#### Work order
A verbatim copy of the lines from the one with "this 2560×1440 image." through the final line below is required; print it and nothing else.

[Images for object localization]
○ ○ ○ ○ ○ ○ ○

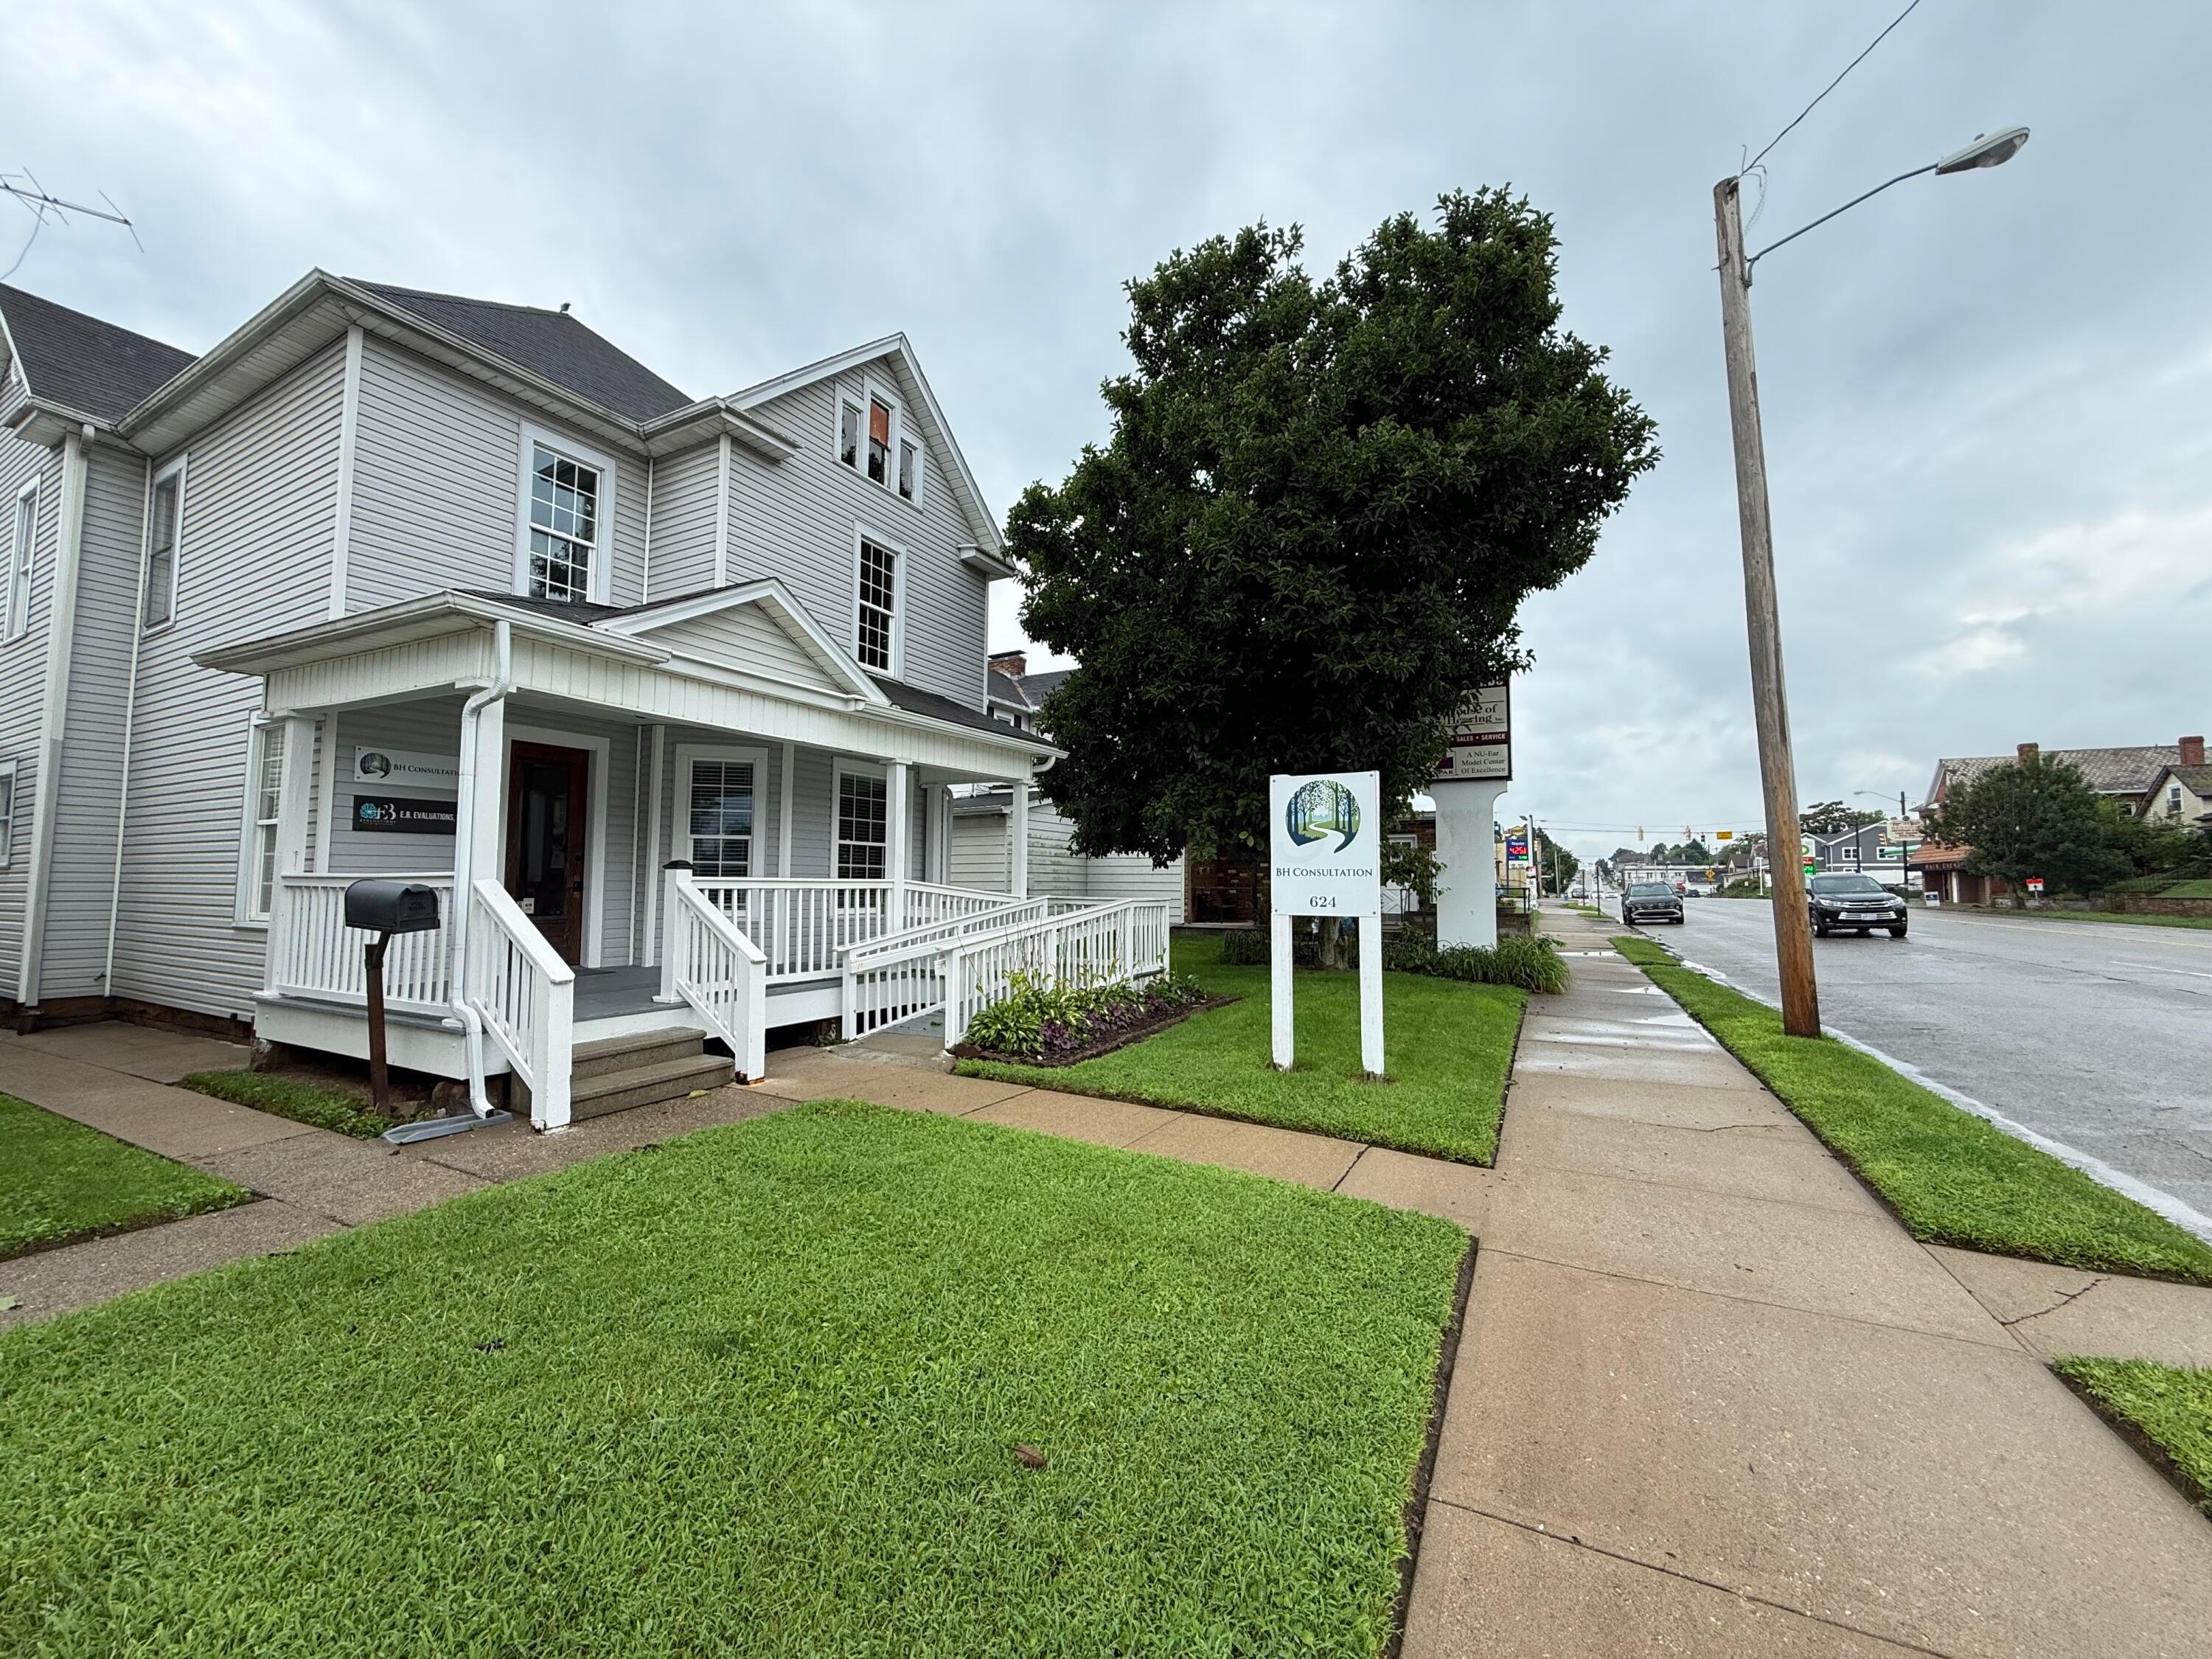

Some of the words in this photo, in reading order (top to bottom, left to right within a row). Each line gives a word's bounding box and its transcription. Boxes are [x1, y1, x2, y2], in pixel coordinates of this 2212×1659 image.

[1485, 704, 1498, 713] of
[400, 810, 412, 819] E.B.
[1276, 867, 1290, 877] BH
[1293, 867, 1373, 877] CONSULTATION
[1310, 896, 1337, 908] 624
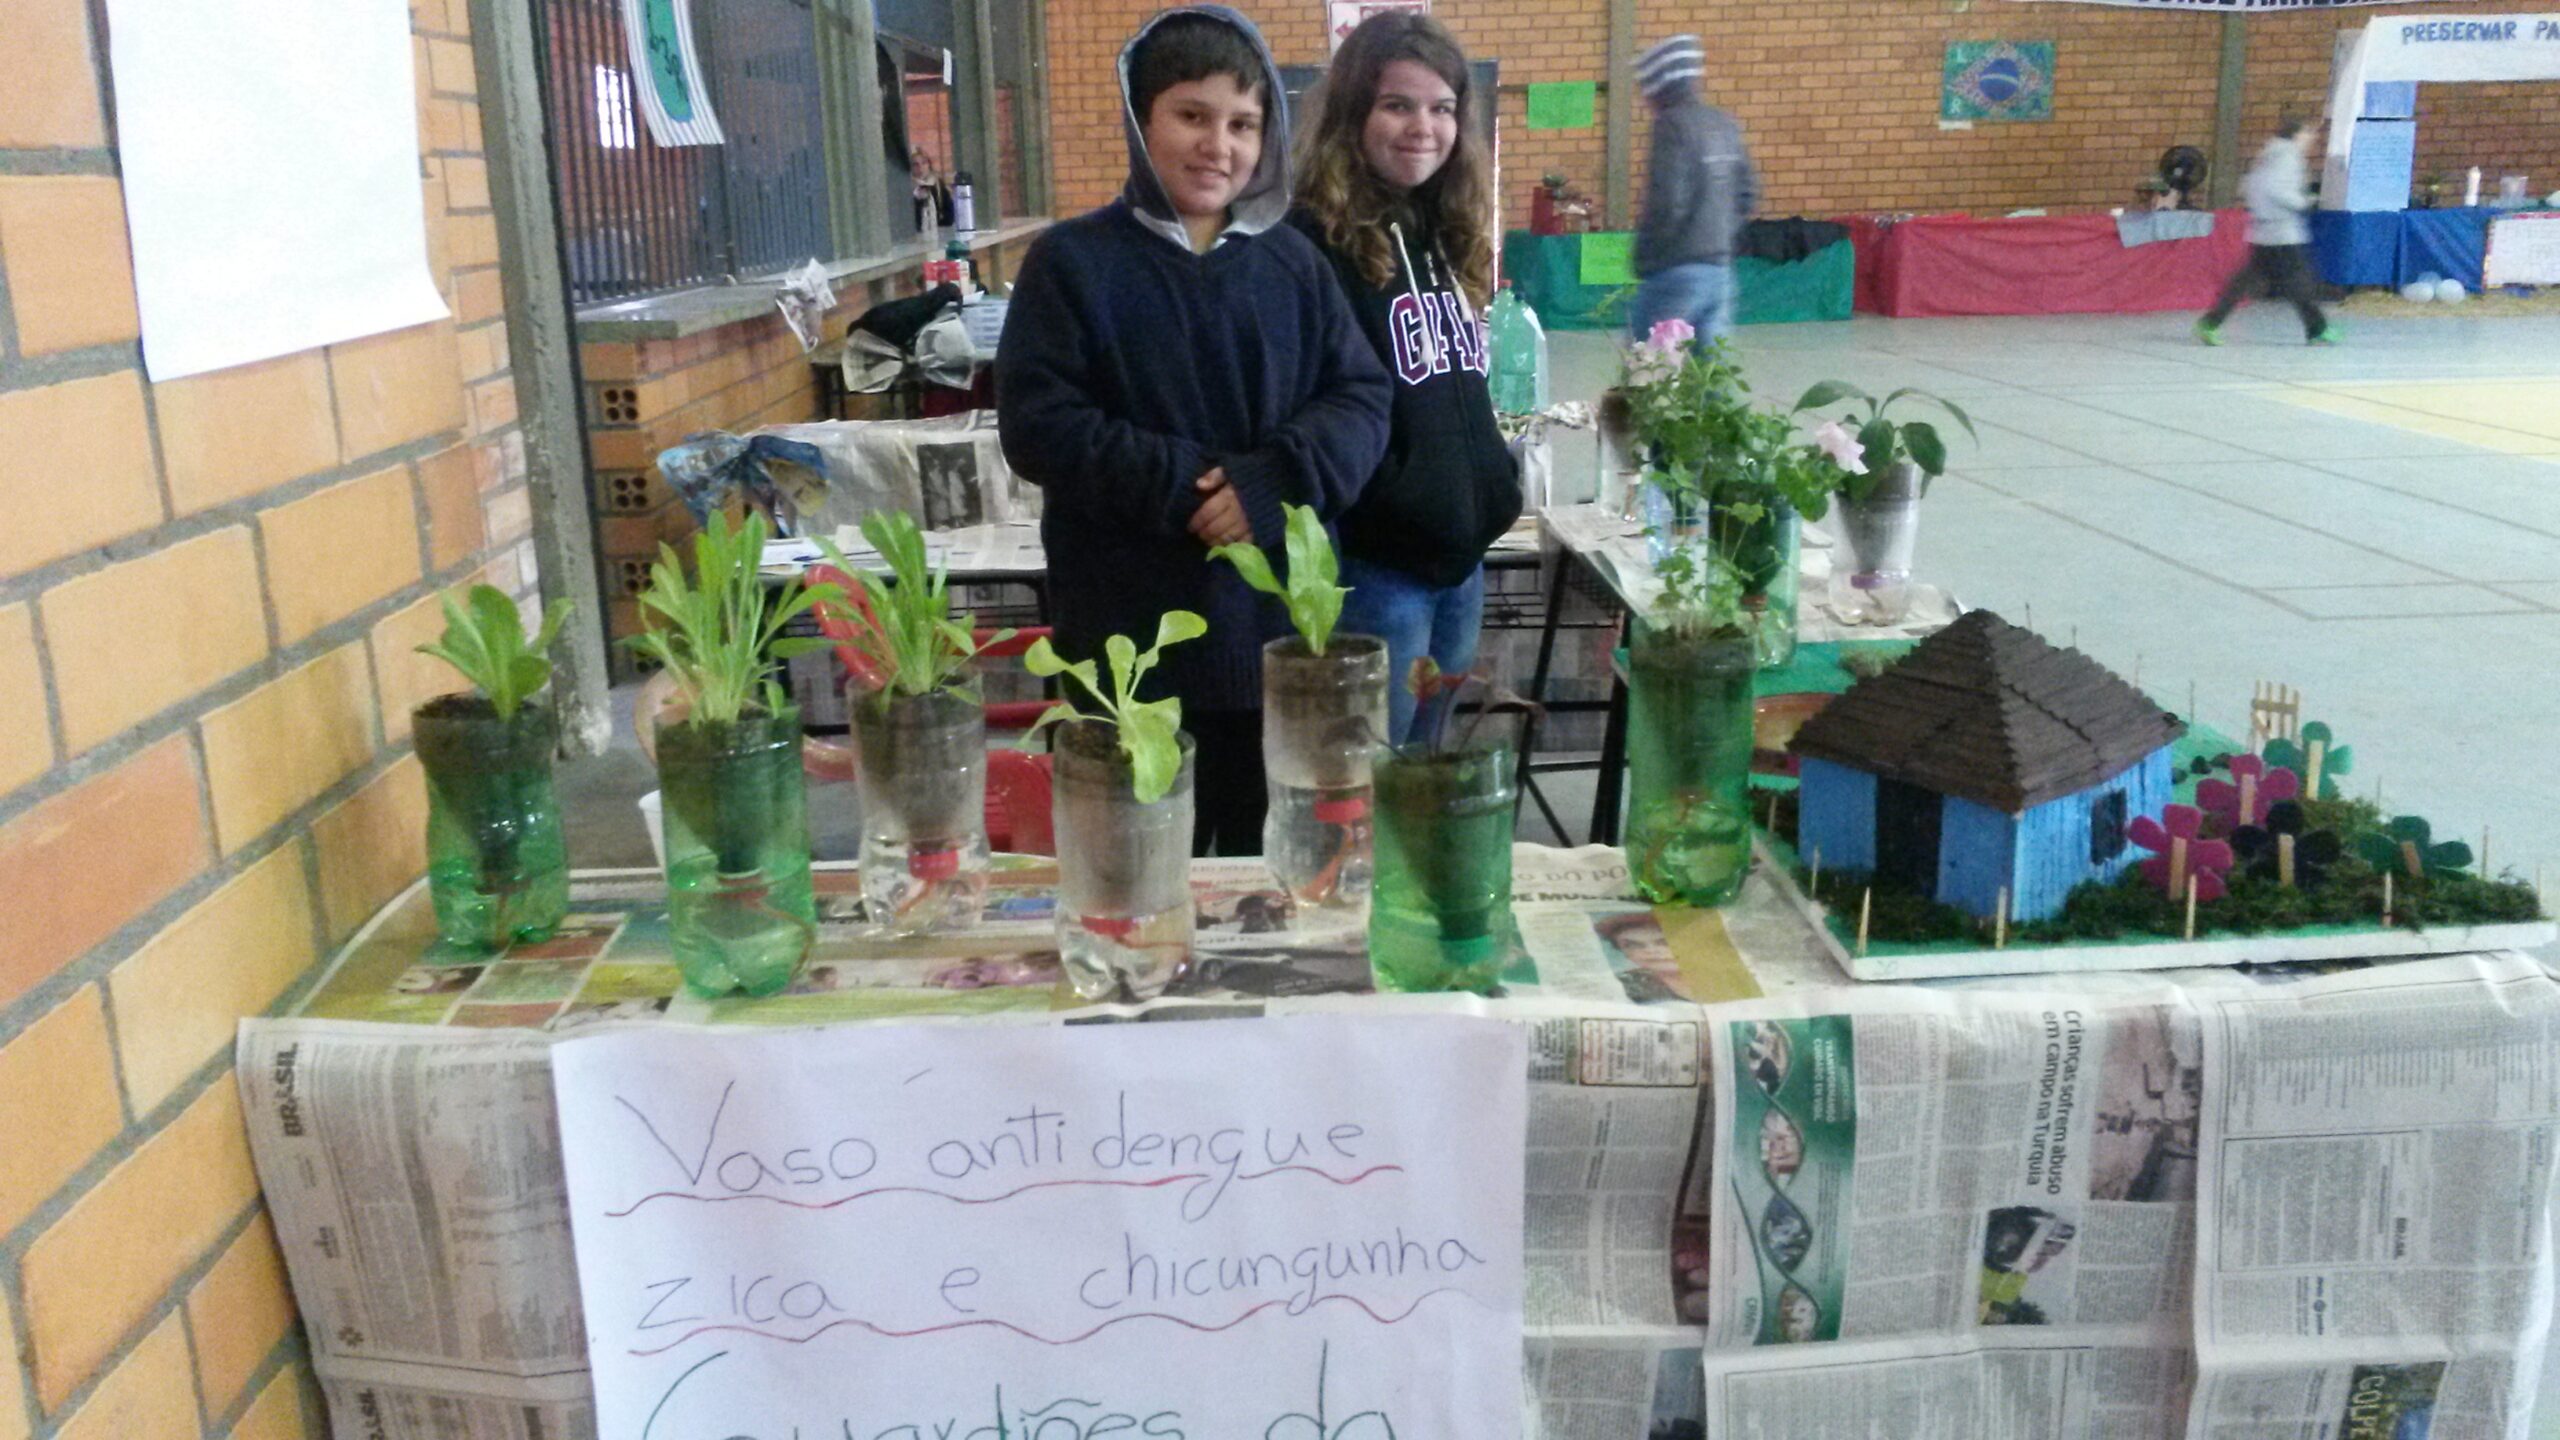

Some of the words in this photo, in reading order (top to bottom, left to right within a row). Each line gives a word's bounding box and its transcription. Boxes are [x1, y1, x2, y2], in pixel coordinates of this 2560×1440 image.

[2402, 21, 2517, 45] PRESERVAR
[2042, 1011, 2062, 1038] em
[2062, 1010, 2085, 1082] Crianças
[271, 1041, 305, 1138] BRASIL
[2039, 1042, 2062, 1099] campo
[2036, 1101, 2052, 1121] na
[2053, 1084, 2078, 1142] sofrem
[614, 1079, 877, 1193] Vaso
[928, 1104, 1066, 1179] anti
[1092, 1090, 1365, 1223] dengue
[2026, 1121, 2051, 1186] Turquia
[2046, 1145, 2068, 1195] abuso
[939, 1266, 981, 1314] e
[1079, 1226, 1487, 1317] chicungunha
[357, 1387, 385, 1440] RASIL
[643, 1350, 1186, 1440] Grdiões

○ ○ ○ ○ ○ ○ ○

#### Output of the task
Some of the words in this photo, in reading order (top to bottom, left to right within a row). Each line gives a word's bounding box and its transcription. Boxes are [x1, y1, x2, y2], in pixel coordinates of this 2560×1440 image.

[2402, 21, 2517, 45] PRESERVAR
[2042, 1011, 2062, 1038] em
[2062, 1010, 2085, 1082] Crianças
[271, 1041, 305, 1138] BRASIL
[2039, 1042, 2062, 1099] campo
[2036, 1101, 2052, 1121] na
[2053, 1084, 2078, 1142] sofrem
[614, 1079, 877, 1193] Vaso
[928, 1104, 1066, 1179] anti
[1092, 1090, 1365, 1223] dengue
[2026, 1121, 2051, 1186] Turquia
[2046, 1145, 2068, 1195] abuso
[939, 1266, 981, 1314] e
[1079, 1226, 1487, 1317] chicungunha
[357, 1387, 385, 1440] RASIL
[643, 1350, 1186, 1440] Grdiões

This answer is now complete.